An amusing scuba crossing sign.
An amusing scuba crossing sign.

The ride back to the hotel was uneventful. But we did have a short stop to sample dried cod, and Icelandic staple.

Speaking of which, we had dinner again tonight at the hotel restaurant, Satt. We came back to have the baby-back ribs because, they were some of the best ribs we ever had!

After dinner we went out to watch the northern lights.This time we went with a different company, Gateway to Iceland, which used a van instead of a large bus. Tonight we ventured to a dark corner in the southwest section of the country, not far from the international airport. There weren´t many clouds in the sky, and it was pretty dark. Our guide pulled over in a nice secluded spots in farm country. We quickly got off the bus and set up our first camera. We pointed it at a patch of sky slightly brighter than the rest. We learned a lot from our experience on Saturday. Meanwhile the driver started to gather the other passengers around. He explained that it can take a while to find the lights even on the best of nights, and that paitence is a necessaity. He began to explain that sometimes cameras can see the lights before humans when…

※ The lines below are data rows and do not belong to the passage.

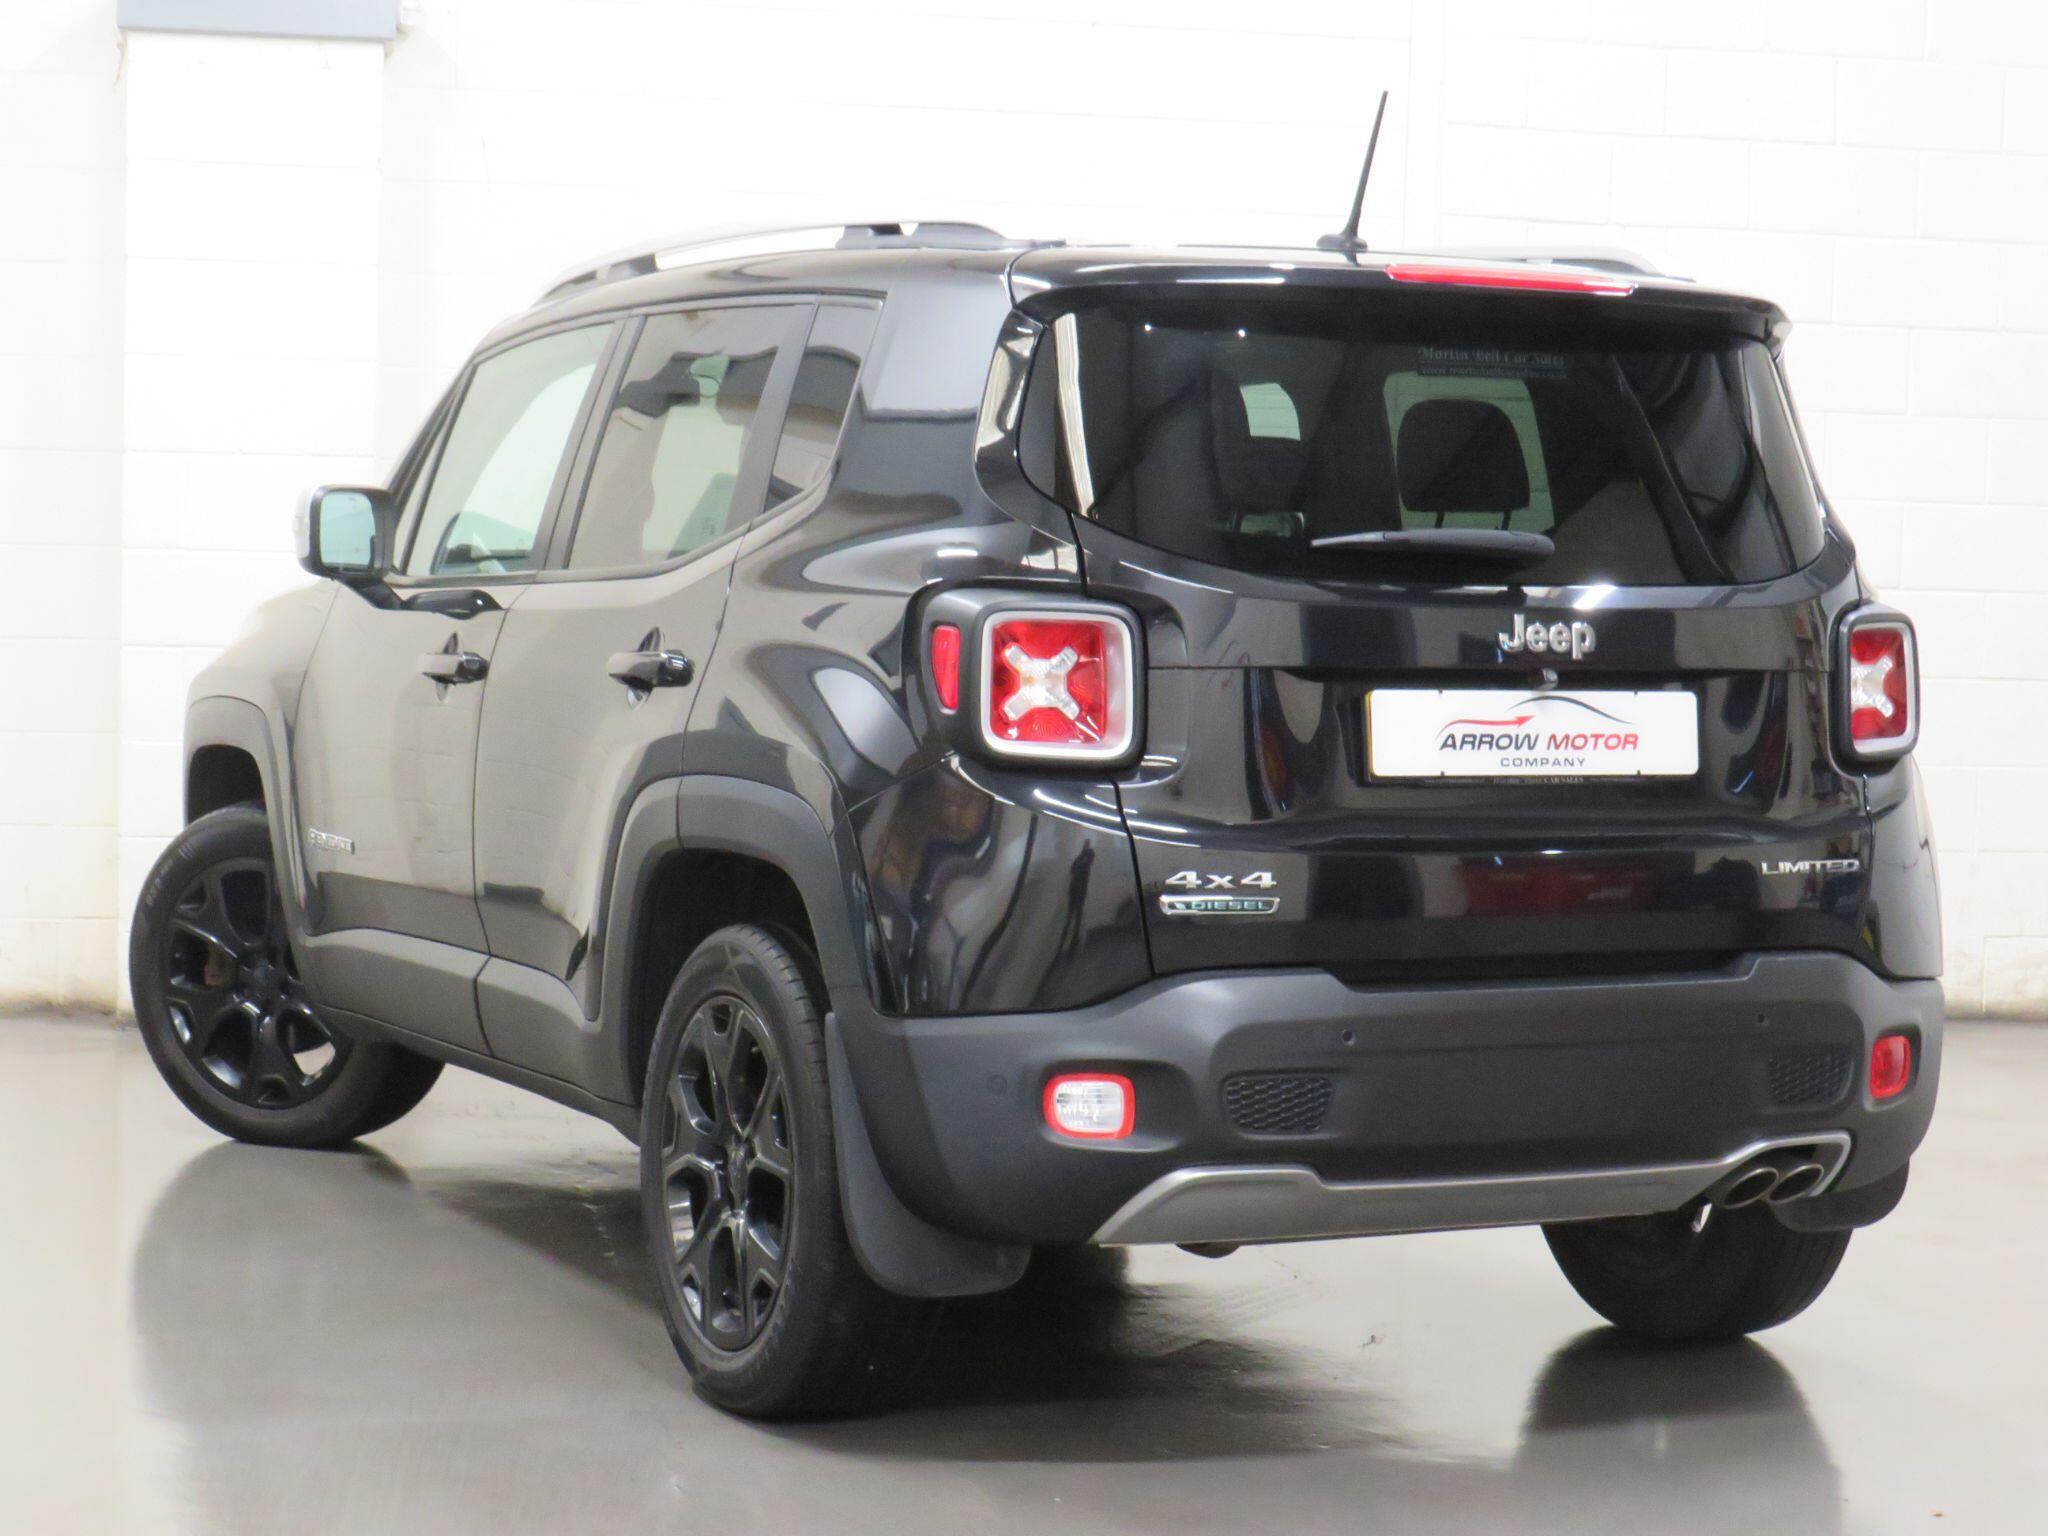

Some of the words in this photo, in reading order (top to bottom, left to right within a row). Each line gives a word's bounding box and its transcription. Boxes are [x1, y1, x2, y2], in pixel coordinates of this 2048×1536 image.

[1498, 613, 1596, 661] Jeep
[1439, 733, 1540, 751] ARROW
[1547, 733, 1640, 751] MOTOR
[1500, 757, 1586, 768] COMPANY
[1761, 858, 1860, 875] LIMITED
[1164, 870, 1278, 889] 4x4
[1191, 900, 1270, 911] DIESEL

Rachel´s first photo returned. We spotted the aurora within a minute. Ryan shouted, “we found the lights. it´s over there” and pointed in the direction of the aurora. And that´s pretty much how the rest of the night went. We spotted the aurora and helped out a few others with their camera work.




There was one really good aurora tonight. We saw it do its dance in the sky, and at times could see both the greens and reds with the naked eye. The camera however spotted other colors, such as blue, purple, and pink.  Unfortunately the best photos were taken using a camera with the SD card, so we can´t upload those photos today. We hope to show those pictures and others later this week after we return home and can properly process them.

During the tour, the driver moved the van twice more to get a better view in the sky. A great improvement over last night.

Tomorrow, we sadly have to fly home. We plan to be Icelandic and lounge around in a hot tub in the morning, then fly home in the afternoon.

Total steps: 12,593

Total continental plates steped upon: 2 (North American and Eurasian)

Total northern light colors seen: 5 (green, red, pink, purple, blue)


p.s. The hotel (Icelandair Natura) helped us secure a refund for the Northern Lights tour from the previous night.